Il tunisino era a bordo di una macchina con targa francese non a lui intestata. L’uomo aveva un cellulare che conteneva al suo interno immagini di persone incappucciate con in mano kalashnikov. Inoltre, vi erano memorizzate riprese di uno stadio tedesco, risalenti a qualche giorno prima degli attentati di Parigi di venerdì 13 novembre.

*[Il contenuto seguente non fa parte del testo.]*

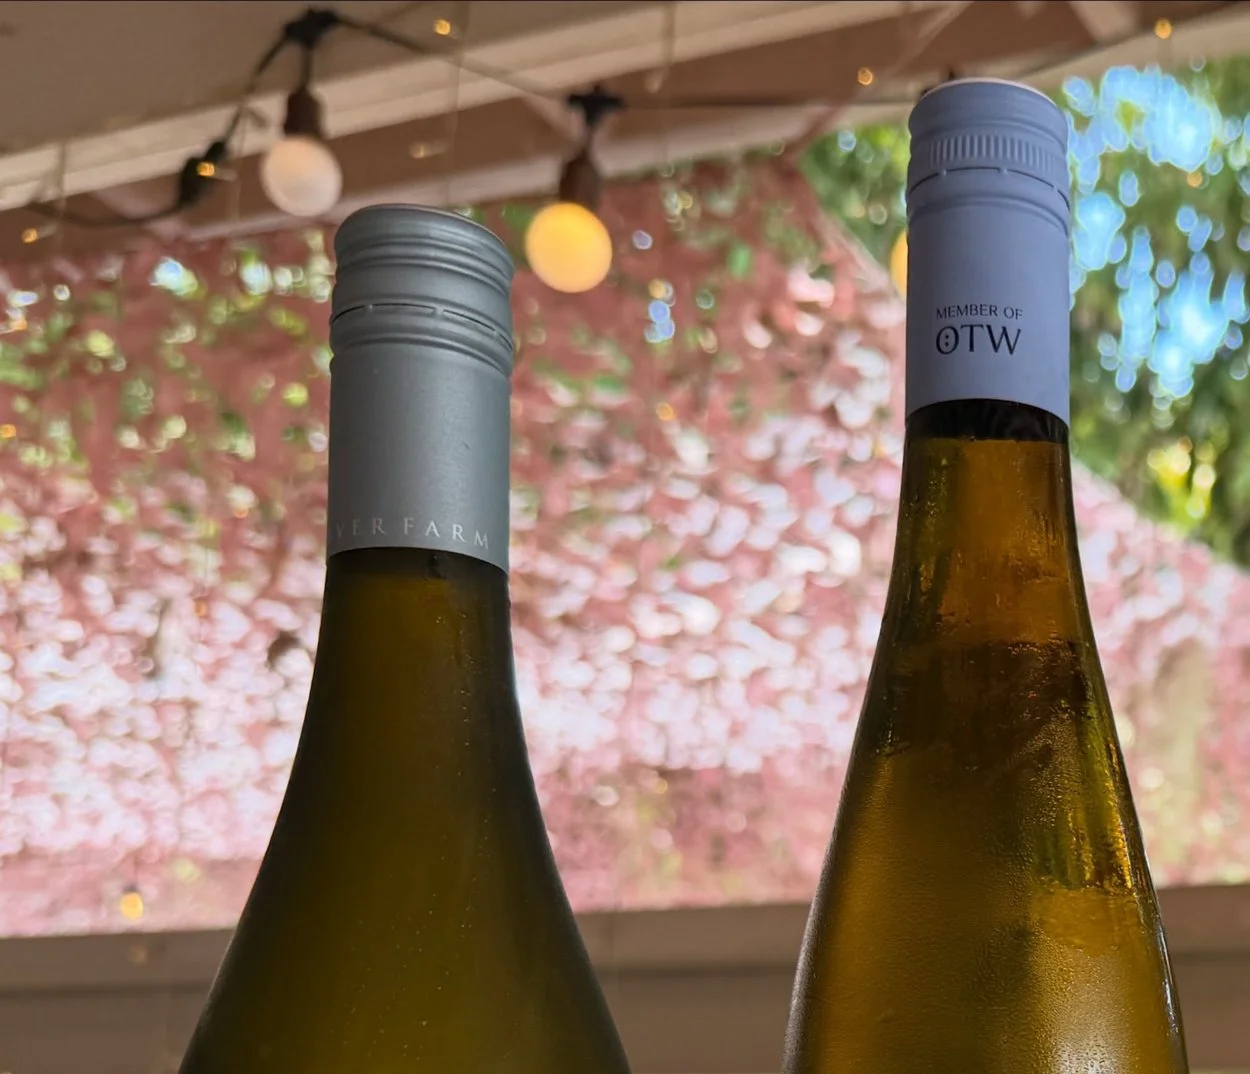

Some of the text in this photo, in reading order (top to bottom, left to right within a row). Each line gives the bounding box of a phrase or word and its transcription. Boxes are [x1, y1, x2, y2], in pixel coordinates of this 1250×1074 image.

[936, 304, 1024, 320] MEMBER OF
[336, 517, 489, 550] VER FARM

Il controllo è stato quindi approfondito, anche con l’intervento della polizia di frontiera: all’interno dell’automobile sono stati trovati 10.000 euro in contanti ed alcuni sacchi di concime, per cui, per motivi precauzionali, sono stati fatti intervenire gli artificieri. Questi ultimi hanno escluso che si trattasse di esplosivo, ma hanno evidenziato come quel tipo di materiale venga spesso utilizzato nella costruzione di ordigni rudimentali. La posizione dell’uomo resta tuttora all’esame delle Fiamme Gialle.